That is not assignment. That is initialization.

Such initialization is allowed for aggregate only, that includes POD class. POD means Plain Old Data type.

Example,

//this struct is an aggregate (POD class)
struct point3D
{
   int x;
   int y;
   int z;
};

//since point3D is an aggregate, so we can initialize it as
point3D p = {1,2,3};

See the above compiles fine : http://ideone.com/IXcSA

But again consider this:

//this struct is NOT an aggregate (non-POD class)
struct vector3D
{
   int x;
   int y;
   int z;
   vector3D(int, int, int){} //user-defined constructor!
};

//since vector3D is NOT an aggregate, so we CANNOT initialize it as
vector3D p = {1,2,3}; //error

The above does NOT compile. It gives this error:

prog.cpp:15: error: braces around initializer for non-aggregate type ‘vector3D’

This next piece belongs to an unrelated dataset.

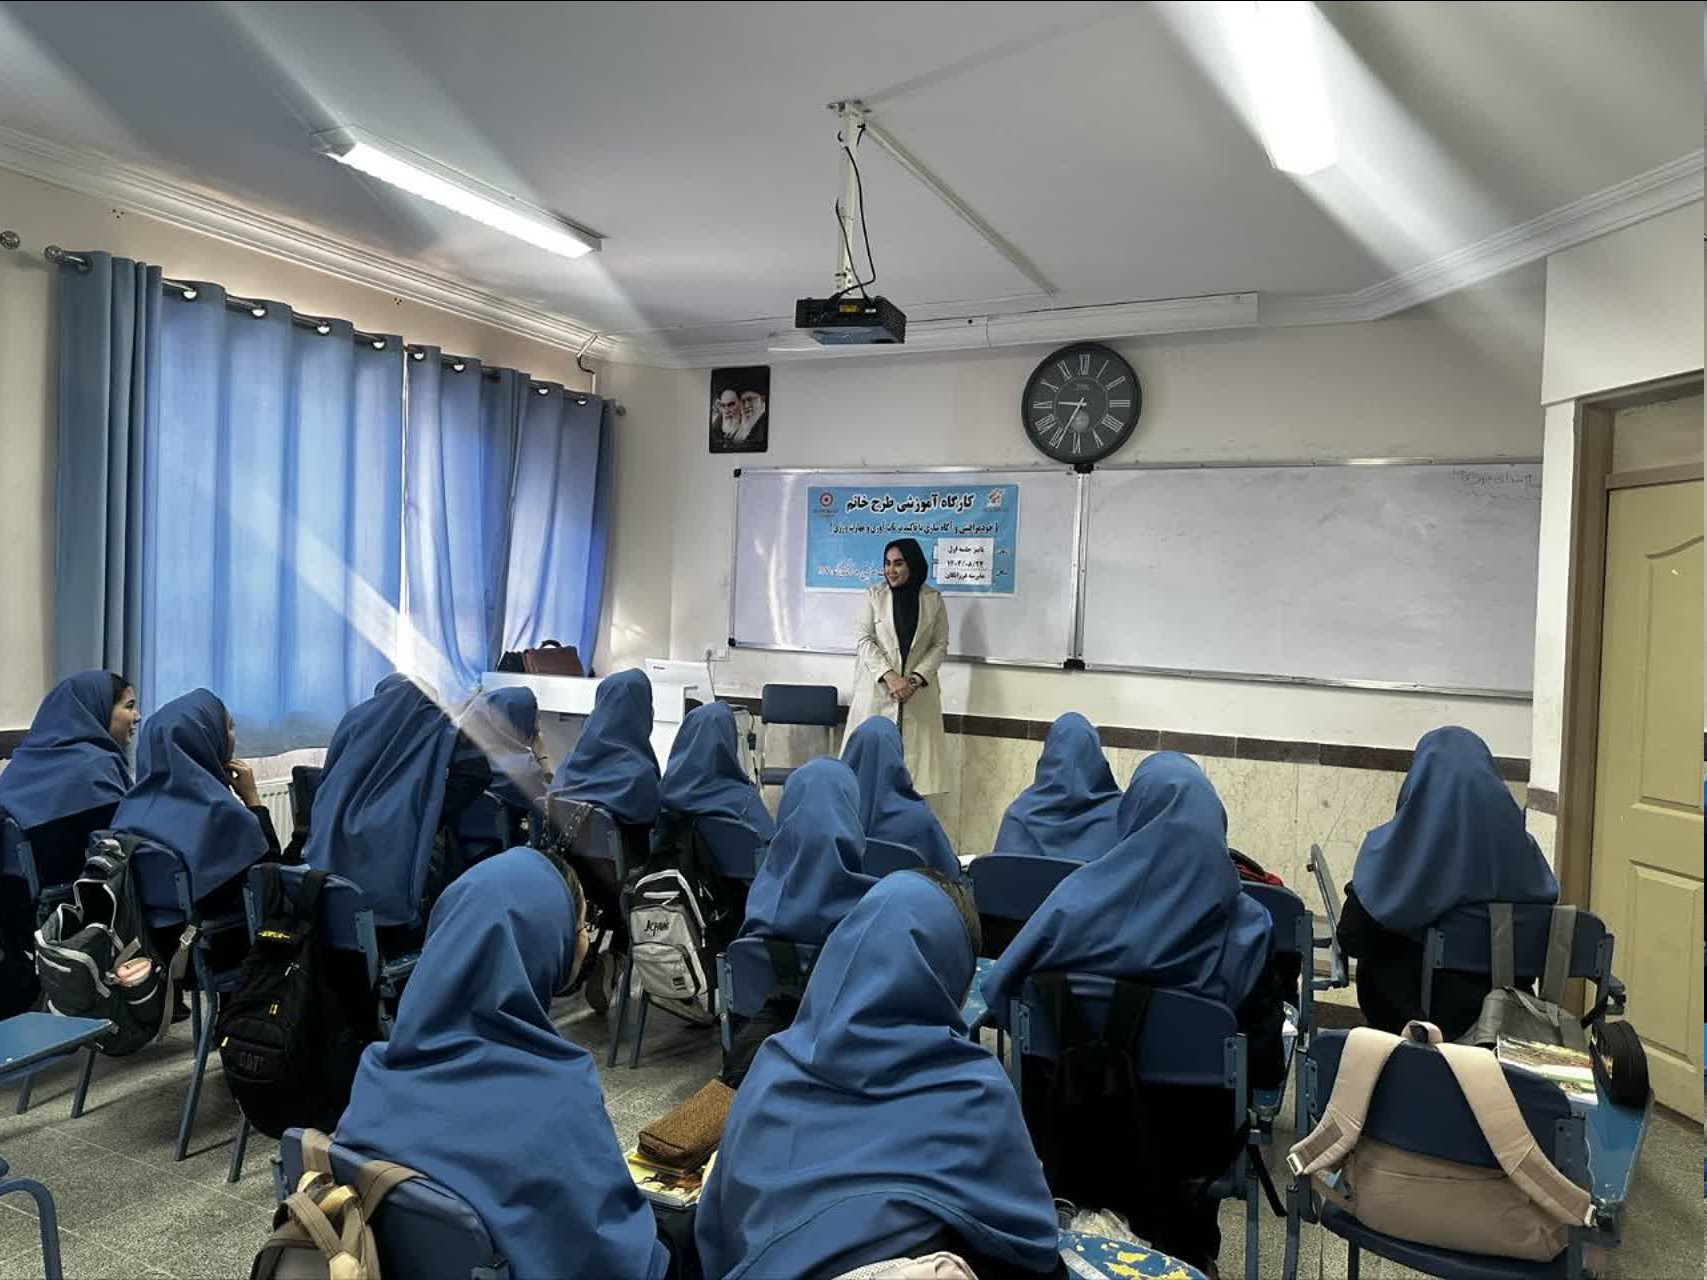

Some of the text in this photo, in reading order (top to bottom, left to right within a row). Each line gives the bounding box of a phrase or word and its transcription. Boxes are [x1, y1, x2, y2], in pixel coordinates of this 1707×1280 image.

[870, 495, 894, 513] طرح
[896, 493, 939, 514] آموزشی
[940, 494, 975, 513] کارگاه

See yourself : http://ideone.com/zO58c

What is the difference between point3D and vector3D? Just the vector3D has user-defined constructor, and that makes it non-POD. Hence it cannot be initialized using curly braces!


What is an aggregate?

The Standard says in section §8.5.1/1,

An aggregate is an array or a class (clause 9) with no user-declared constructors (12.1), no private or protected non-static data members (clause 11), no base classes (clause 10), and no virtual functions (10.3).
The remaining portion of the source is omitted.